■ Task objective ■
Copy each line of the data below, character for character.

┌──

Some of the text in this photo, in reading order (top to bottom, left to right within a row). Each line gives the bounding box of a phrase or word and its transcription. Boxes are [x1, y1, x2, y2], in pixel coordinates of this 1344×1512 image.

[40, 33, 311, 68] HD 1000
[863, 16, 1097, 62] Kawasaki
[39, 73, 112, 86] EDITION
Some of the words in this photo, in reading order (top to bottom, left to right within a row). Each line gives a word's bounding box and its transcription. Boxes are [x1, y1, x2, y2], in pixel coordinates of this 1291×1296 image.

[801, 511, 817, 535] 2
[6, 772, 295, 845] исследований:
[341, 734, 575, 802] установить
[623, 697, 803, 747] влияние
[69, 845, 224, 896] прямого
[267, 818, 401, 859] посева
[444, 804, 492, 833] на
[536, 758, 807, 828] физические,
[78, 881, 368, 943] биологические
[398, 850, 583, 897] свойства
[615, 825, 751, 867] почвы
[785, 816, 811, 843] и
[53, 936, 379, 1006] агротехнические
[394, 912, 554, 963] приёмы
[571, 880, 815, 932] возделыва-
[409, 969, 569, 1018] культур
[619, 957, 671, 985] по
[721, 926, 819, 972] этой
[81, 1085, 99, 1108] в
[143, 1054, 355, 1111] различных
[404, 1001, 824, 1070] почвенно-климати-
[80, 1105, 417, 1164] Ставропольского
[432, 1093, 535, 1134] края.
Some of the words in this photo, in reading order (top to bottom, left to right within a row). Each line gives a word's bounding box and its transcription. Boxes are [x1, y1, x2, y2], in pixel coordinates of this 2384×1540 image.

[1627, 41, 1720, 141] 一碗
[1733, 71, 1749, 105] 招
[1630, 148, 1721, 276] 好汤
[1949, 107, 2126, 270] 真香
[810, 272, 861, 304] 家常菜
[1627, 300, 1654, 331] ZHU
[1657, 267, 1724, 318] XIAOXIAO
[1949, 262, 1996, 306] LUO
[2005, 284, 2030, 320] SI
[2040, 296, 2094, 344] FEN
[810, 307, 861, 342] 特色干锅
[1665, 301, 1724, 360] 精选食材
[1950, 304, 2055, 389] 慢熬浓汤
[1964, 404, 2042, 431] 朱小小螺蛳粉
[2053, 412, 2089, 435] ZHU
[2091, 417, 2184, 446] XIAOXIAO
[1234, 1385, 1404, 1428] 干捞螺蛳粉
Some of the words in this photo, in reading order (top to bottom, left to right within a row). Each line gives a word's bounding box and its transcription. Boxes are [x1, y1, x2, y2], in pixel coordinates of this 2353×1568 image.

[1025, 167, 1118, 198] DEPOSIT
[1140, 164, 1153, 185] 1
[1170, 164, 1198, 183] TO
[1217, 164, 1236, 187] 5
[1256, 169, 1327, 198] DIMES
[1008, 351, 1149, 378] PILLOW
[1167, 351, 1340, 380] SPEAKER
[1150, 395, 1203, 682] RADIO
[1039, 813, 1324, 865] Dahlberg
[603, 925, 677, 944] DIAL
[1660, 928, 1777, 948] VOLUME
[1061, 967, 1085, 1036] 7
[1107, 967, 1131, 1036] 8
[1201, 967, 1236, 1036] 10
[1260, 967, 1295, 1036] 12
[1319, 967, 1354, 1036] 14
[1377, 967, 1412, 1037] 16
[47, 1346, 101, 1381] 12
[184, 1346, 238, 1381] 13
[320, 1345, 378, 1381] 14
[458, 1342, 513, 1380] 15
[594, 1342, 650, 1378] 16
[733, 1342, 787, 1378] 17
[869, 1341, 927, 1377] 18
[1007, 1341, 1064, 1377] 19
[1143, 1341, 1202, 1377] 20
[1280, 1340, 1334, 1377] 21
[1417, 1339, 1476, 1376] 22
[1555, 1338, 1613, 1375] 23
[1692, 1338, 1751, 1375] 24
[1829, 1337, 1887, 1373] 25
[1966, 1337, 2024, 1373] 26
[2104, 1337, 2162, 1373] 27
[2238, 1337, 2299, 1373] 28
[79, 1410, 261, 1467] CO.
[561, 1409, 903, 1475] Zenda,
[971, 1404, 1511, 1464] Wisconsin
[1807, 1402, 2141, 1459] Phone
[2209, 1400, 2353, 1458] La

└──

■ Answer section ■
Some of the text in this photo, in reading order (top to bottom, left to right within a row). Each line gives the bounding box of a phrase or word and its transcription. Boxes are [x1, y1, x2, y2], in pixel coordinates of this 1344×1512 image.

[40, 33, 311, 68] HD 1000
[863, 16, 1097, 62] Kawasaki
[39, 73, 112, 86] EDITION
Some of the words in this photo, in reading order (top to bottom, left to right within a row). Each line gives a word's bounding box and its transcription. Boxes are [x1, y1, x2, y2], in pixel coordinates of this 1291×1296 image.

[801, 511, 817, 535] 2
[6, 772, 295, 845] исследований:
[341, 734, 575, 802] установить
[623, 697, 803, 747] влияние
[69, 845, 224, 896] прямого
[267, 818, 401, 859] посева
[444, 804, 492, 833] на
[536, 758, 807, 828] физические,
[78, 881, 368, 943] биологические
[398, 850, 583, 897] свойства
[615, 825, 751, 867] почвы
[785, 816, 811, 843] и
[53, 936, 379, 1006] агротехнические
[394, 912, 554, 963] приёмы
[571, 880, 815, 932] возделыва-
[409, 969, 569, 1018] культур
[619, 957, 671, 985] по
[721, 926, 819, 972] этой
[81, 1085, 99, 1108] в
[143, 1054, 355, 1111] различных
[404, 1001, 824, 1070] почвенно-климати-
[80, 1105, 417, 1164] Ставропольского
[432, 1093, 535, 1134] края.
Some of the words in this photo, in reading order (top to bottom, left to right within a row). Each line gives a word's bounding box and its transcription. Boxes are [x1, y1, x2, y2], in pixel coordinates of this 2384×1540 image.

[1627, 41, 1720, 141] 一碗
[1733, 71, 1749, 105] 招
[1630, 148, 1721, 276] 好汤
[1949, 107, 2126, 270] 真香
[810, 272, 861, 304] 家常菜
[1627, 300, 1654, 331] ZHU
[1657, 267, 1724, 318] XIAOXIAO
[1949, 262, 1996, 306] LUO
[2005, 284, 2030, 320] SI
[2040, 296, 2094, 344] FEN
[810, 307, 861, 342] 特色干锅
[1665, 301, 1724, 360] 精选食材
[1950, 304, 2055, 389] 慢熬浓汤
[1964, 404, 2042, 431] 朱小小螺蛳粉
[2053, 412, 2089, 435] ZHU
[2091, 417, 2184, 446] XIAOXIAO
[1234, 1385, 1404, 1428] 干捞螺蛳粉
Some of the words in this photo, in reading order (top to bottom, left to right within a row). Each line gives a word's bounding box and its transcription. Boxes are [x1, y1, x2, y2], in pixel coordinates of this 2353×1568 image.

[1025, 167, 1118, 198] DEPOSIT
[1140, 164, 1153, 185] 1
[1170, 164, 1198, 183] TO
[1217, 164, 1236, 187] 5
[1256, 169, 1327, 198] DIMES
[1008, 351, 1149, 378] PILLOW
[1167, 351, 1340, 380] SPEAKER
[1150, 395, 1203, 682] RADIO
[1039, 813, 1324, 865] Dahlberg
[603, 925, 677, 944] DIAL
[1660, 928, 1777, 948] VOLUME
[1061, 967, 1085, 1036] 7
[1107, 967, 1131, 1036] 8
[1201, 967, 1236, 1036] 10
[1260, 967, 1295, 1036] 12
[1319, 967, 1354, 1036] 14
[1377, 967, 1412, 1037] 16
[47, 1346, 101, 1381] 12
[184, 1346, 238, 1381] 13
[320, 1345, 378, 1381] 14
[458, 1342, 513, 1380] 15
[594, 1342, 650, 1378] 16
[733, 1342, 787, 1378] 17
[869, 1341, 927, 1377] 18
[1007, 1341, 1064, 1377] 19
[1143, 1341, 1202, 1377] 20
[1280, 1340, 1334, 1377] 21
[1417, 1339, 1476, 1376] 22
[1555, 1338, 1613, 1375] 23
[1692, 1338, 1751, 1375] 24
[1829, 1337, 1887, 1373] 25
[1966, 1337, 2024, 1373] 26
[2104, 1337, 2162, 1373] 27
[2238, 1337, 2299, 1373] 28
[79, 1410, 261, 1467] CO.
[561, 1409, 903, 1475] Zenda,
[971, 1404, 1511, 1464] Wisconsin
[1807, 1402, 2141, 1459] Phone
[2209, 1400, 2353, 1458] La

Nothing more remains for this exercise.